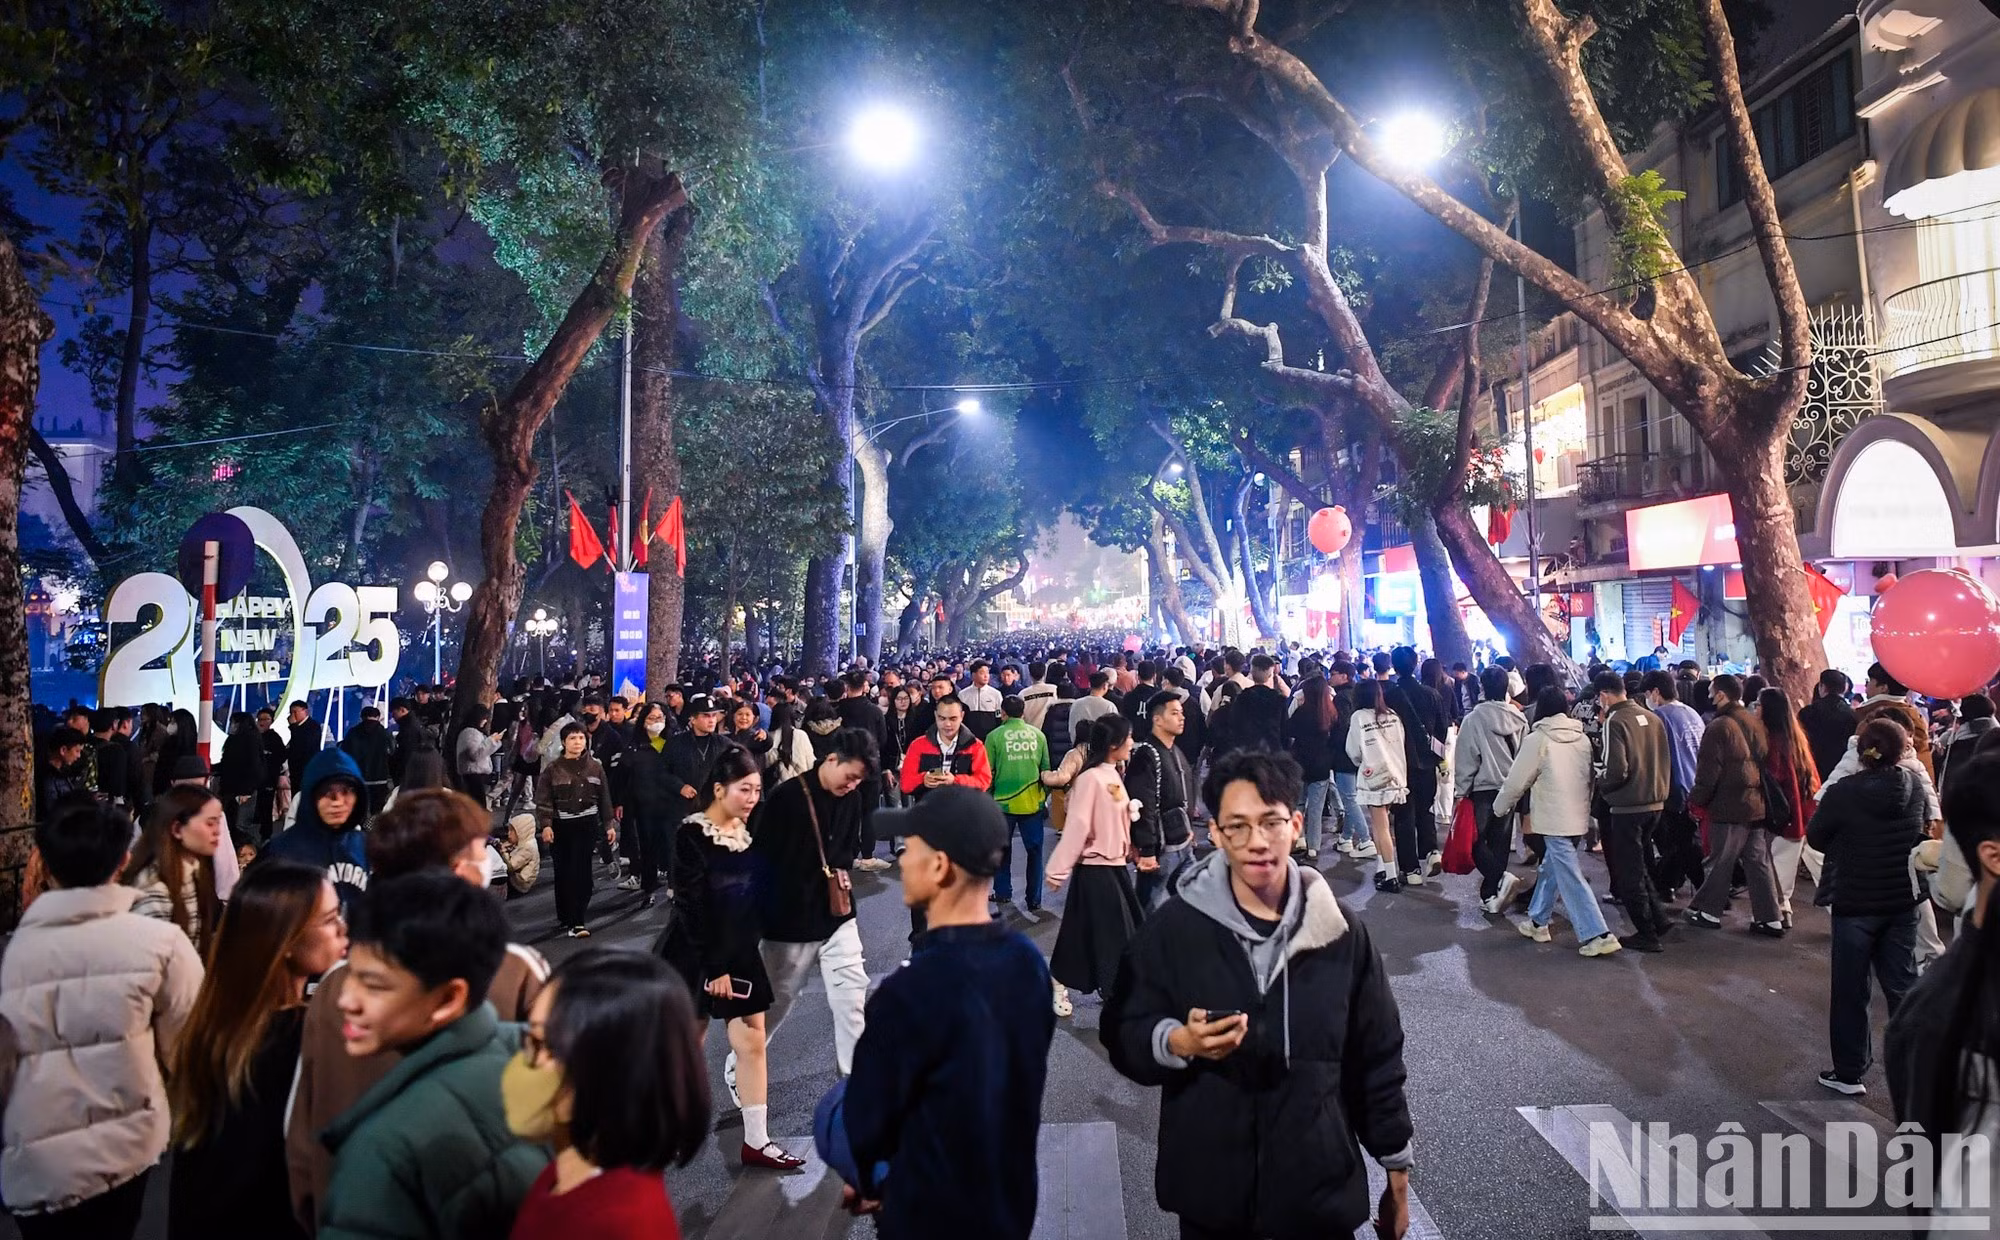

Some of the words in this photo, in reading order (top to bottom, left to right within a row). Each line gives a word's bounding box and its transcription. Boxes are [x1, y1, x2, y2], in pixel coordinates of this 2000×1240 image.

[215, 596, 290, 618] HAPPY
[220, 629, 277, 652] NEW
[217, 661, 281, 683] YEAR
[1004, 728, 1037, 741] Grab
[1006, 740, 1038, 753] Food
******************************
- WHAT YOU NEED TO DO -
Omit the pictures, then quote the rest of the material above exactly.

- TASK ANSWER -
Some of the words in this photo, in reading order (top to bottom, left to right within a row). Each line gives a word's bounding box and its transcription. Boxes are [x1, y1, x2, y2], in pixel coordinates of this 2000×1240 image.

[215, 596, 290, 618] HAPPY
[220, 629, 277, 652] NEW
[217, 661, 281, 683] YEAR
[1004, 728, 1037, 741] Grab
[1006, 740, 1038, 753] Food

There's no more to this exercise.